## load the data
face <- read.csv("face.csv")
## two-party vote share for Democrats and Republicans
face$d.share <- face$d.votes / (face$d.votes + face$r.votes)
face$r.share <- face$r.votes / (face$d.votes + face$r.votes)
face$diff.share <- face$d.share - face$r.share
plot(face$d.comp, face$diff.share, pch = 16,
col = ifelse(face$w.party == "R", "red", "blue"),##col设置颜色,w.party是R就是红色,不是就是蓝色
xlim = c(0, 1), ylim = c(-1, 1),
xlab = "Competence scores for Democrats",
ylab = "Democratic margin in vote share",
main = "Facial competence and vote share")
plot函数:写在前面的是x,后是y。col设置颜色。ifelse(判断条件,是会咋样,否会咋样)
cor(face$d.comp, face$diff.share)
cor计算相关系数。返回值介于(-1,1)之间,-1表示完全负相关,1表示完全正相关,0表示没有线性关系。
fit <- lm(diff.share ~ d.comp, data = face) # fit the model
fit
## lm(face$diff.share ~ face$d.comp)
coef(fit) # get estimated coefficients
head(fitted(fit)) # get fitted or predicted values
plot(face$d.comp, face$diff.share, xlim = c(0, 1.05), ylim = c(-1,1),
xlab = "Competence scores for Democrats",
ylab = "Democratic margin in vote share",
main = "Facial competence and vote share")

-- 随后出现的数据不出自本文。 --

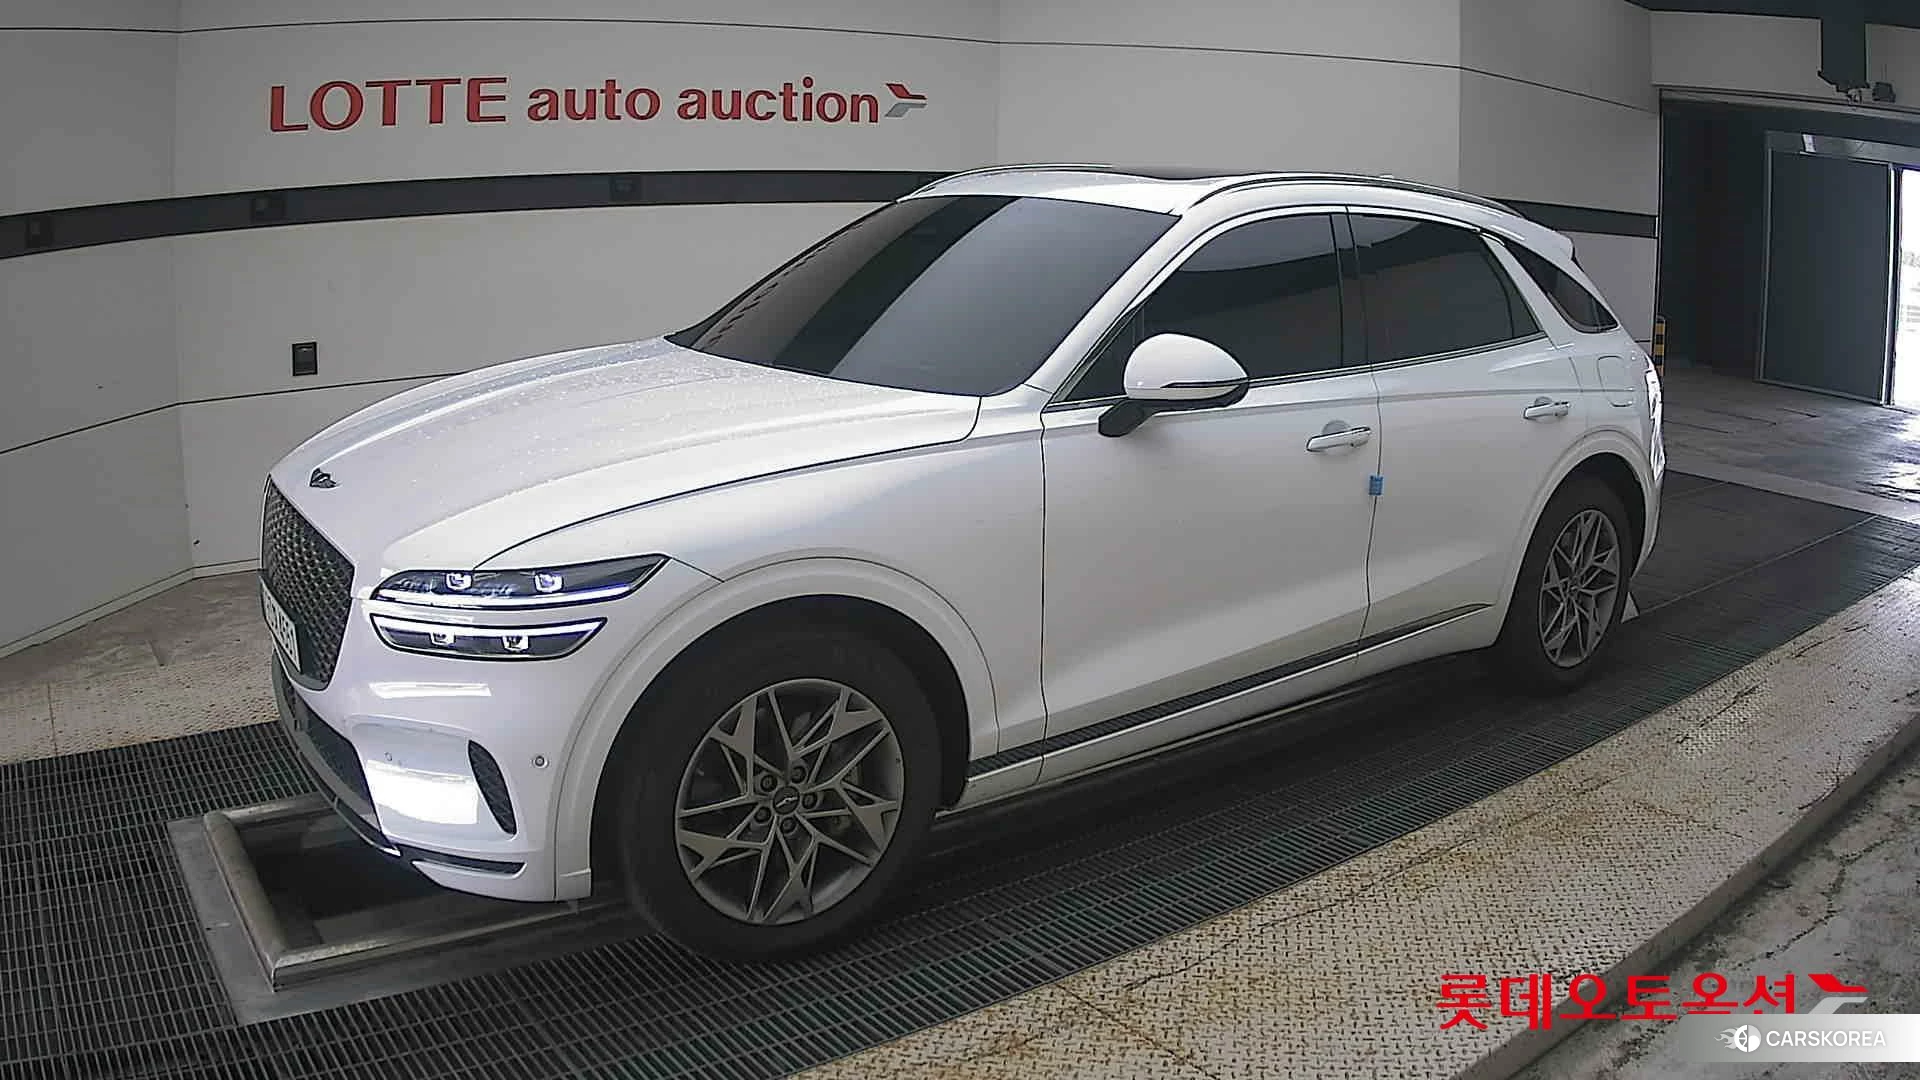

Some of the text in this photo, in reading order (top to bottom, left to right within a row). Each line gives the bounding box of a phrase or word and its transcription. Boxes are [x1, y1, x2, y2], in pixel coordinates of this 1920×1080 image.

abline(fit) # add regression line
abline(v = 0, lty = "dashed")
epsilon.hat <- resid(fit) # residuals
sqrt(mean(epsilon.hat^2)) # RMSE
lm函数的格式:myfit<-lm(formula,data)其中,formula指要拟合的模型形式,data是一个数据框,包含了用于拟合模型的数据。lm里面是(y~x)
输出结果:
Call: lm(formula = diff.share ~ d.comp, data = face) Coefficients: (Intercept) d.comp -0.3122 0.6604
cofficients第一个是截距第二个是斜率。上面的就是diff.share = 0.6604d.comp-0.3122
coef(fit)就是查看以上的两个系数,输出结果:
> coef(fit)
(Intercept) d.comp
-0.3122259 0.6603815
fitted()是回归拟合的预测值
fitted(拟合)是在给定样本上做预测,而predict(预测)是在新的样本上做预测
> head(fitted(fit))
1 2 3 4 5 6
0.06060411 -0.08643340 0.09217061 0.04539236 0.13698690 -0.10057206
输出前6条拟合数据。用的就是上述的截距和斜率,比如第一条:d.comp=0.564567612,斜率取0.6603815,截距取-0.3122259,计算结果就是0.06060411。第二条到第六条也是这么算的。
plot(face$d.comp, face$diff.share, xlim = c(0, 1.05), ylim = c(-1,1),
xlab = "Competence scores for Democrats",
ylab = "Democratic margin in vote share",
main = "Facial competence and vote share")
画出来如下图:
abline()函数:增加一条线:abline 函数的作用是在一张图表上添加直线, 可以是一条斜线,通过x或y轴的交点和斜率来确定位置;也可以是一条水平或者垂直的线,只需要指定与x轴或y轴交点的位置就可以了。v=多少就是x轴等于多少(相当于加一条平行于y轴的直线),h=多少就是y等于多少(相当于加一条平行于x轴的直线)
abline(fit) # add regression line
abline(v = 0, lty = "dashed")
abline(fit)就是加上述那个一次函数那条线(线性模型),加完上面两条线之后如图:
residuals:残差在数理统计中是指实际观察值与估计值(拟合值)之间的差。“残差”蕴含了有关模型基本假设的重要信息。如果回归模型正确的话, 我们可以将残差看作误差的观测值。
为了明确解释变量和随机误差各产生的效应是多少,统计学上把数据点与它在回归直线上相应位置的差异称为残差,把每个残差平方之后加起来 称为残差平方和,它表示随机误差的效应。一组数据的残差平方和越小,其拟合程度越好。如下为计算残差和:
epsilon.hat <- resid(fit) # residuals残差
sqrt(mean(epsilon.hat^2)) # RMSE
sqrt计算平方根,mean计算平均值,里面是残差的平方的和。如下图:
> epsilon.hat <- resid(fit) # residuals残差
> sqrt(mean(epsilon.hat^2)) # RMSE
[1] 0.2642361
———————————————————————————————————————————
## proportion of female politicians in reserved GP vs. unreserved GP
mean(women$female[women$reserved == 1])#reserved=1中女性的比例
mean(women$female[women$reserved == 0])#reserved=0中女性的比例
给所有reserved=1的female算平均值,由于female只有0或者1,所以算出来的就是reserved=1中female=1的占比。
mean(women$water[women$reserved == 1]) -
mean(women$water[women$reserved == 0])
reserved=1的water的平均值减去reserved=0的waterd的平均值
> sum(women$water[women$reserved == 1])
[1] 2591
> sum(women$reserved == 1)
[1] 108
reserved=1的water求和是2591,reserved=1的一共108条,除完了就是平均值。